The summer is over - that means Jimmy Buffett must be in town this week, baseball is winding down and football/hockey are about to rev up.
1. We will be at Saturday's Buffett show...tailgating and getting bombed, if you are also there stop by and the 1st funnel is on me!!
2. The Sox play Tamba Bay next week and then again the week after, could be 2 huge series.
3. BC won 21-0 this past Saturday and they have their home opener on Saturday.
4. The Pats kick off the season Sunday versus Kansas City, lets just hope Brady is back on the field.
5. The Bruins training camp starts in a little over 2 weeks, September 18th. I mean what else could we want?

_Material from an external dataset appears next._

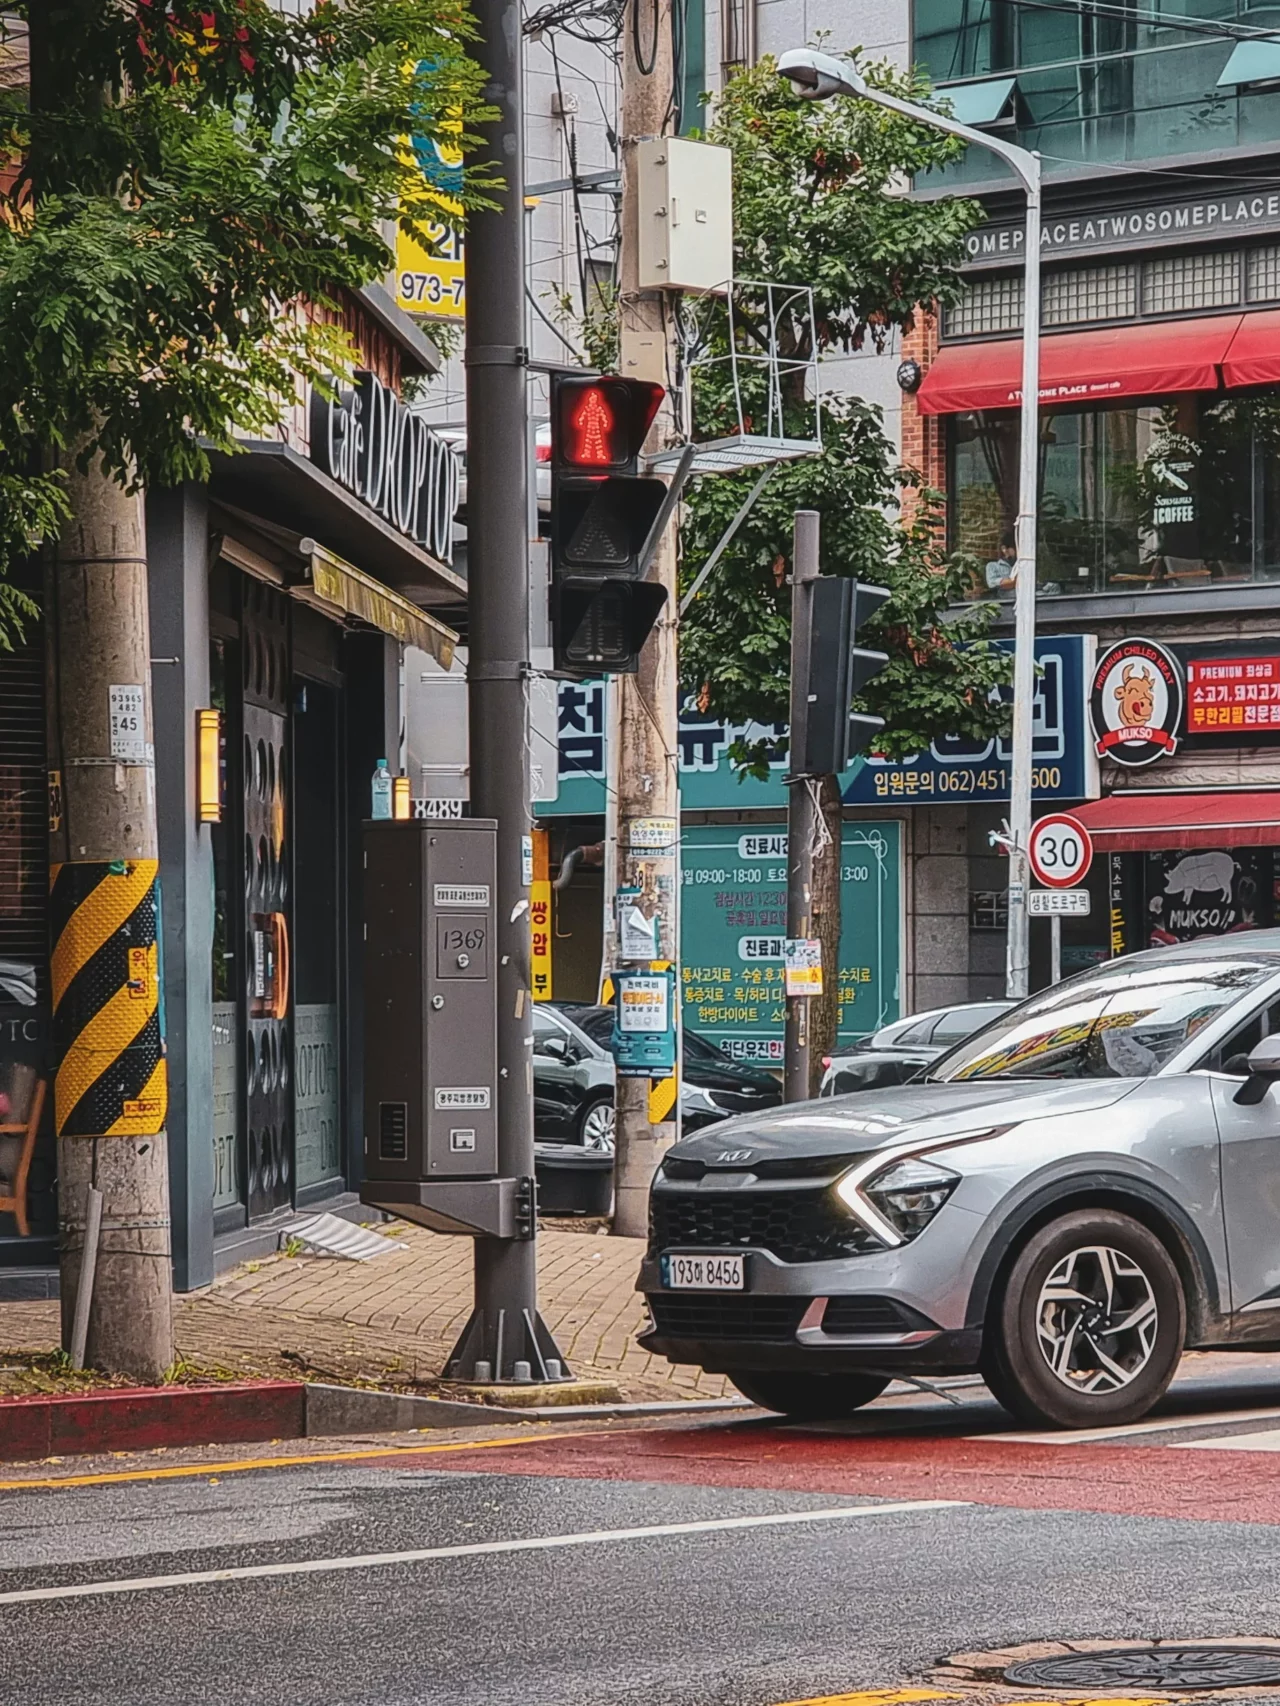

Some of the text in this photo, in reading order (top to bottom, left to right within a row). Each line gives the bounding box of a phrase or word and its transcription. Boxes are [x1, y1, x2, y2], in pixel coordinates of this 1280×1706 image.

Love to see a little Smack talking even before Training camp starts:

Buried in a Boston Globe hockey notebook column this weekend was this wonderful line from Boston Bruins defenseman Andrew Ference, regarding former Calgary Flames teammate Jarome Iginla and fellow Bruin Milan Lucic:





"He watches a lot of hockey, so he knows about Milan. We said we're going to set up a Lucic-Phaneuf fight. When we go to Calgary, Jarome said he's going to do his part to get Dion all fired up. We'll get Looch the same way. No problem."

The Globe indicated that Ference was joking, which is a damn shame. We agree with Scotty Hockey: "The NHL needs more stuff like this to not only happen, but to come to light. It builds rivalries and draws fans."

There's a difference between anticipating a bloodbath between two teams coming off a nasty fight-filled game and building anticipation around a potential battle between two charismatic heavyweights. We're always debating what, exactly, made "the good 'ole days" of NHL hockey more appealing (in some ways) than the current product. When's the last time you tuned into a game because two heavyweights might drop the gloves? Because there were thousands of fans 20 years ago that would make time to see Bob Probert take on his latest contender; on the off chance he'd lose, the anticipation would be even greater for the rematch (like his infamous battles with Troy Crowder, then of the New Jersey Devils). Same goes for Tie Domi, or before him guys like Nick Fotiu or Dave Schultz. It didn't overshadow the game; it just added to the excitement.

Fight critics label the intentional staging of high-profile fights as "circus acts" or attempt to paint them as harbingers of hockey's deteriorating honor code. Which is, as usual, more rhetoric about what the pacifists want hockey to be rather than what it is or what the majority of fans appreciate about it.